Un professeur d’histoire dont l’enseignement n’a pas plu à l’occupant est tellement égorgé en plein jour et en pleine rue qu’il est laissé décapité. M. le président de la République condamne naturellement cet acte barbare. Faisant allusion sans doute à la haine, au terrorisme, à l’islamisme, à l’intégrisme, on ne sait, il s’écrie : « Ils ne passeront pas ! ». Mais les cinquante millions de Français savent bien que les envahisseurs sont passés depuis longtemps, qu’ils sont devenus les occupants, qu’ils sont à Bayonne, qu’ils sont à Tourcoing, qu’ils sont dans les rues, dans les maisons, dans les écoles et les universités, dans les hôpitaux, dans les assemblées, dans les ministères, dans les rédactions et même qu’ils sont “français”, puisque qu’ainsi l’ont voulu les champions du génocide par substitution, dont le chef de l’État est par définition le chef, en sa qualité de Directeur-France de la davocratie remplaciste et génocidaire globale.

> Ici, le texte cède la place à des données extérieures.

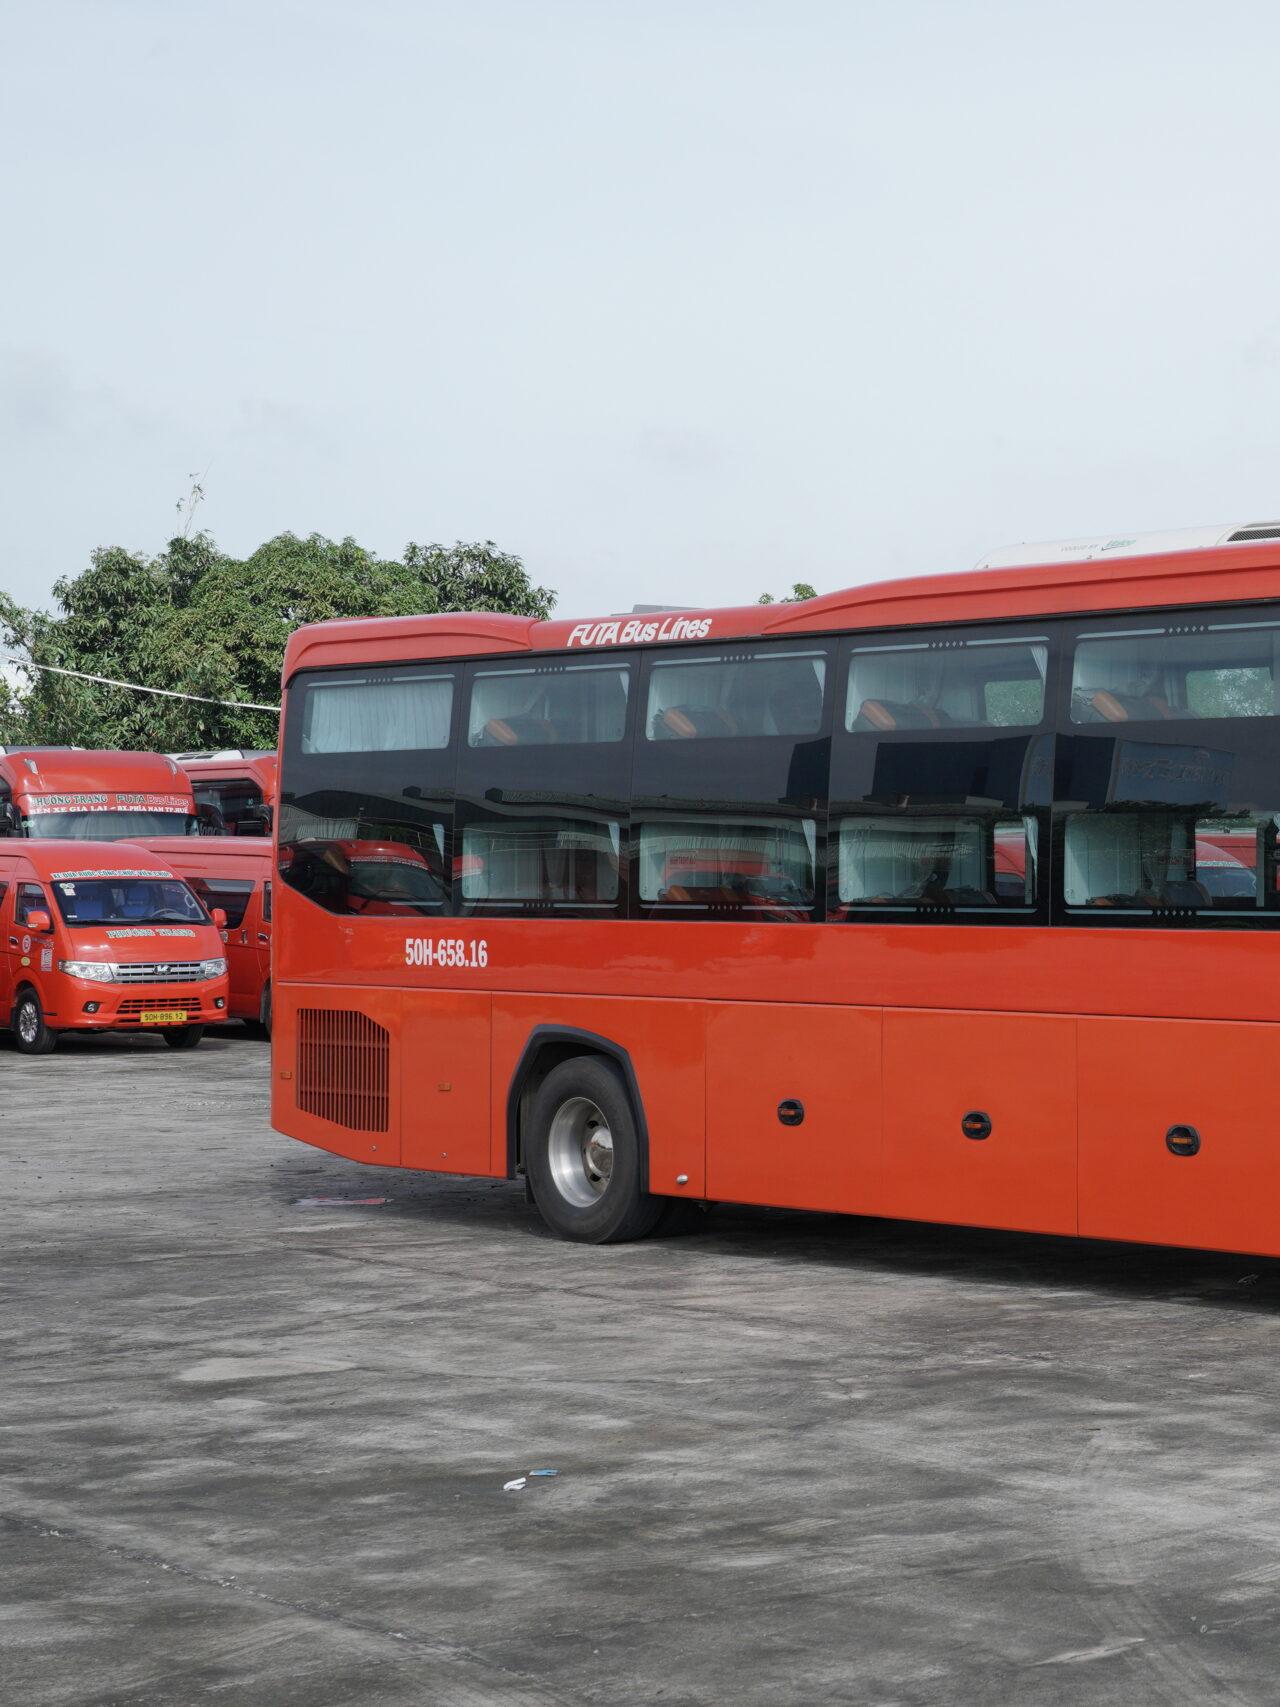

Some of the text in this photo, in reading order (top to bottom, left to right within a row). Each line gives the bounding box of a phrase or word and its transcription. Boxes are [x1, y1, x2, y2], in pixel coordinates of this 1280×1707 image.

« Ils ne passeront pas ! » relève à ce titre, et de façon éclatante, du négationnisme de masse, puisque cette formule présente comme une virtualité future, qu’il convient d’éviter, une réalité passée rigoureusement accomplie, dont les indigènes français colonisés éprouvent tous les jours les abominables conséquences. Invoquer le terrorisme et la haine sans invoquer l’occupant dont ils sont l’expression naturelle et le moyen de conquête est aussi hypocrite et vain que l’eût été, sous la précédente Occupation, la courte, de déplorer les excès de la Gestapo ou des SS sans mettre en cause la présence allemande et nazie. Cela n’a aucune espèce de sens. Mais le négationnisme de masse ne s’embarrasse pas de pareilles évidences. C’est l’ensemble de la réalité qu’il nie et dénie, et qui d’ailleurs le lui rend bien, avec un humour insolent et sinistre. Le prouve assez le déferlement dans les rues de Paris, aussitôt après le pathétique « Ils ne passeront pas ! » présidentiel, de hordes d’envahisseurs nouveaux réclamant leurs titres d’occupants. Ceux-là sont naturellement dispensés des contraintes prophylactiques pesant sur la population indigène. C’est la fameuse “préférence occupante” : ils ont beau être sans papiers, ils en bénéficient déjà.